Nutrition and diet in pregnancy is no laughing matter. The consequences of pregnancy diet plans that fail to address the specific needs of mother and child can result in lifelong struggles.

Too often, it happens–a horrible headline rips across the media outlet’s airwaves of new mothers suffering from postpartum depression and thus endangering their children. Other times, celebrity moms describing their harrowing journey through the dark abyss of postpartum depression (PPD) dominate the talk show circuits.

The real tragedy is that these sad stories might have been avoided with paying a little extra attention to diet in pregnancy.

New Research on Postpartum Depression

Postpartum depression in all its various forms has become the subject of much study in recent years. The results of this research are a better understanding of causality, possible triggers, early warning signs, treatments and cures.

One of the most significant discoveries is how closely postpartum depression is tied to lifestyle choices like diet and exercise. It would be an oversimplification of a very real disease to state that simply eating better and exercising more will prevent all cases of postpartum mood disorders, but it is true nonetheless that specific eating habits can trigger, improve symptoms of or prevent PPD for many women.

How to Eat and Avoid PPD

Women seeking to avoid or cure PPD should carefully nourish themselves during pregnancy and adopt a diet for post pregnancy composed of only the best food choices. A sample pregnancy diet created for healthy gestation and PPD prevention will caution against specific foods such as soy and for encourage other foods such as Omega-3s.
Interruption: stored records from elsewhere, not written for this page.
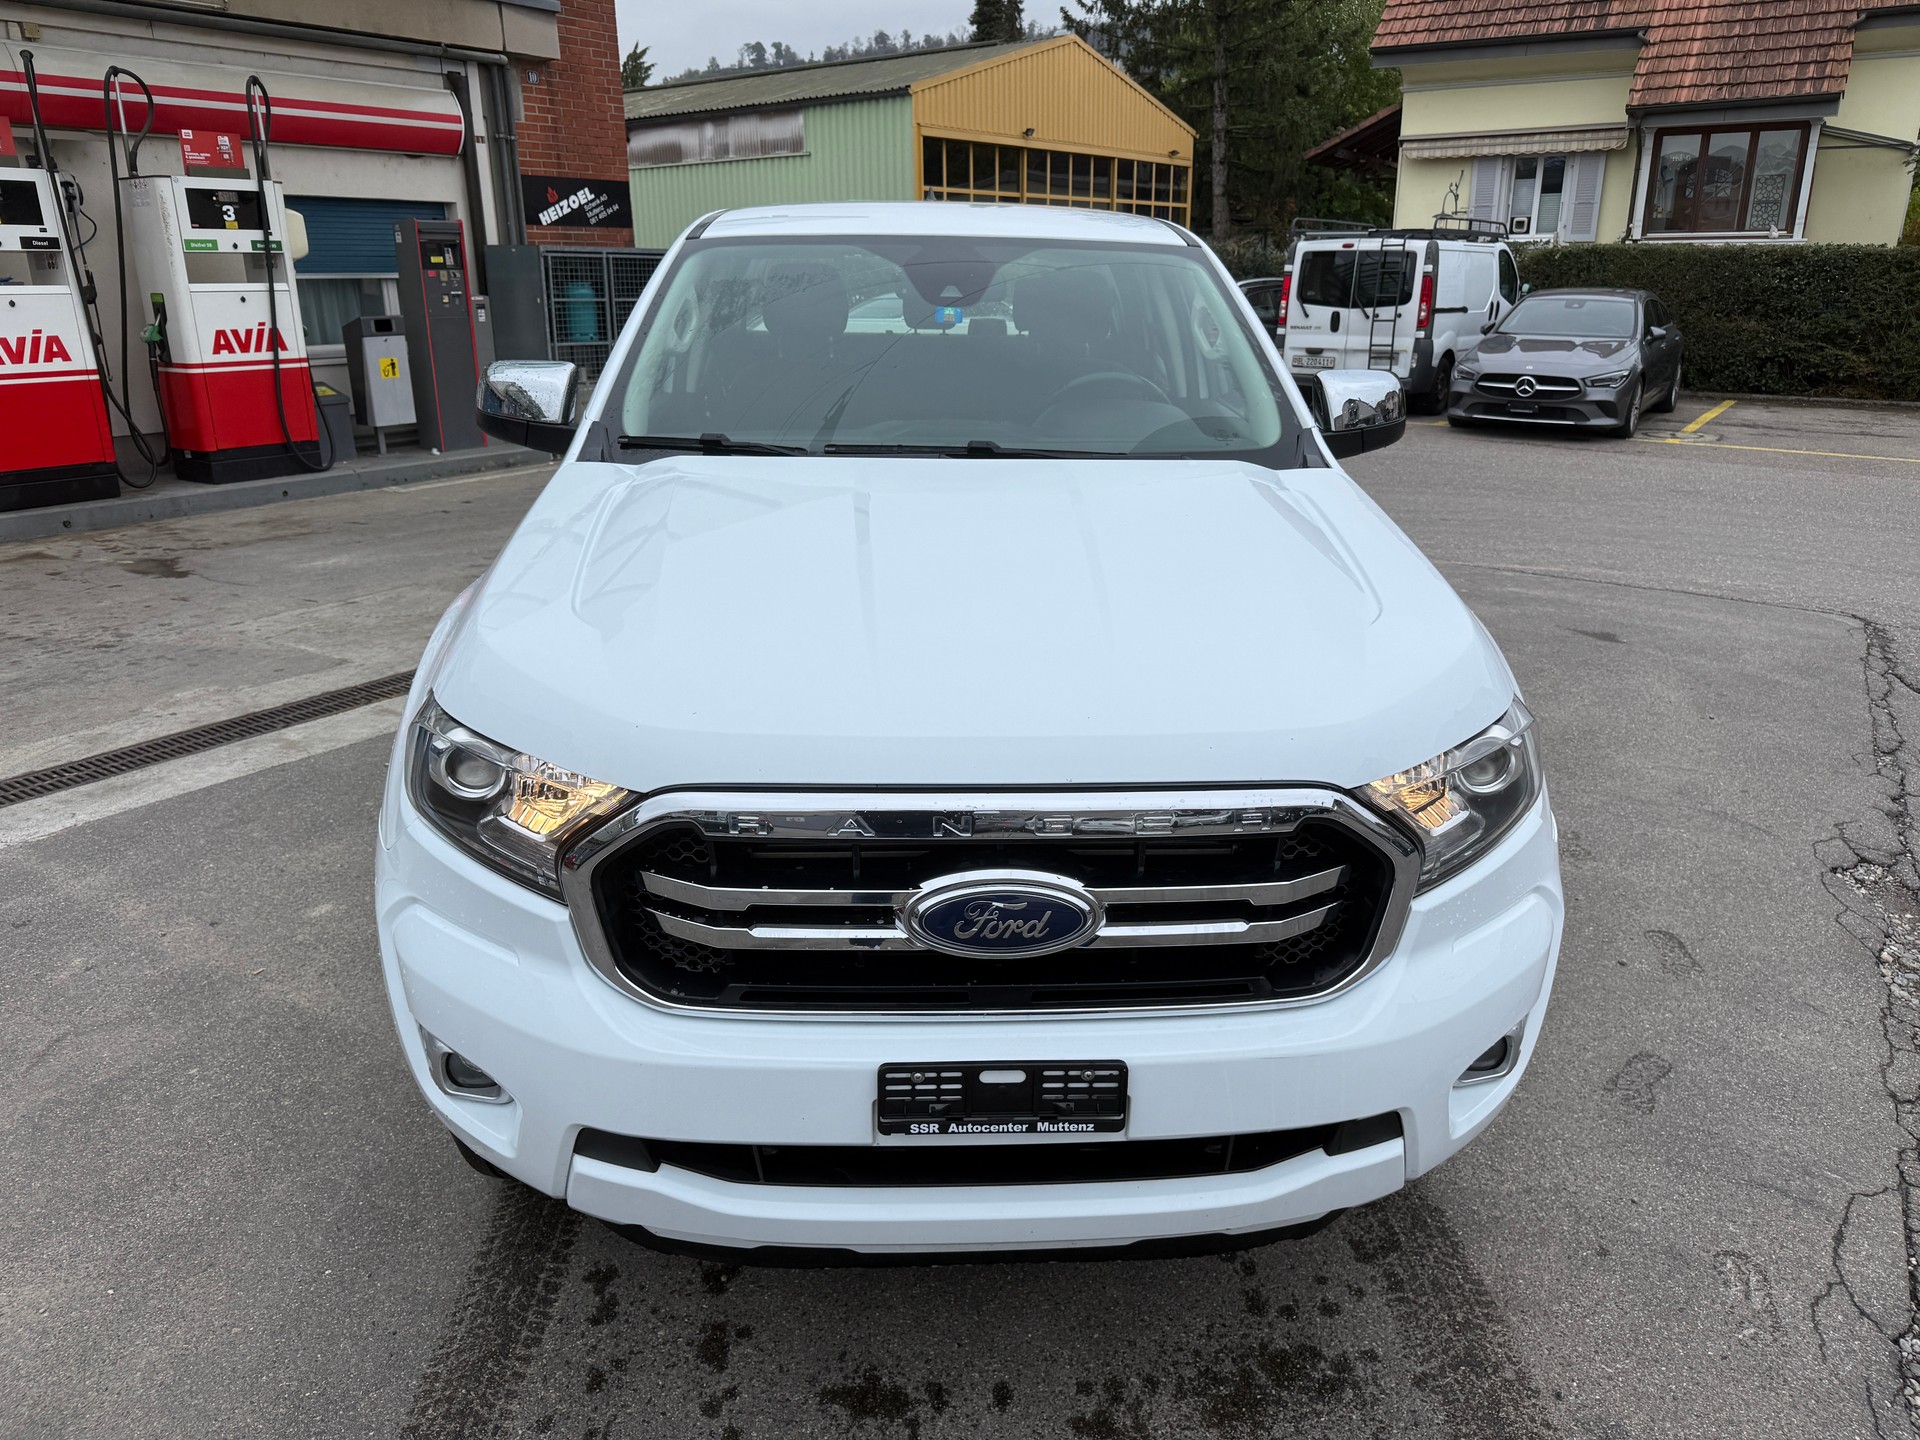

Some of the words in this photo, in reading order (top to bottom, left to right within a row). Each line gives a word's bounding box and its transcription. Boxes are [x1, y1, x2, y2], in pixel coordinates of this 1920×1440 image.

[528, 71, 538, 83] 10
[222, 205, 235, 221] 3
[538, 187, 596, 226] HEIZOEL
[0, 329, 73, 366] VIA
[212, 322, 289, 355] AVIA
[729, 811, 1271, 837] RANGER
[954, 900, 1052, 939] Ford
[909, 1123, 940, 1134] SSR
[948, 1122, 1029, 1133] Autocenter
[1036, 1121, 1095, 1133] Muttenz
Soy, for example, has been a known source of plant estrogen for years. For a long time, this was thought to be a good thing. In light of new discoveries, soy has lost favor and is actually one of the foods which is often likened to mood disorders. Soy and its derivatives should be avoided.

On the other hand, Omega-3 fatty acids are emerging as the real hero. These vital fats contain a number of nutrient components vital for diet in pregnancy, but equally important to healthy mental function during postpartum healing.

Other foods known to prevent mood disorders are organically grown fruits and vegetables, especially those of dark green hue. The organic nature of these foods is important. Added chemicals used in traditional farming methods disrupt the body’s own delicate chemical balances.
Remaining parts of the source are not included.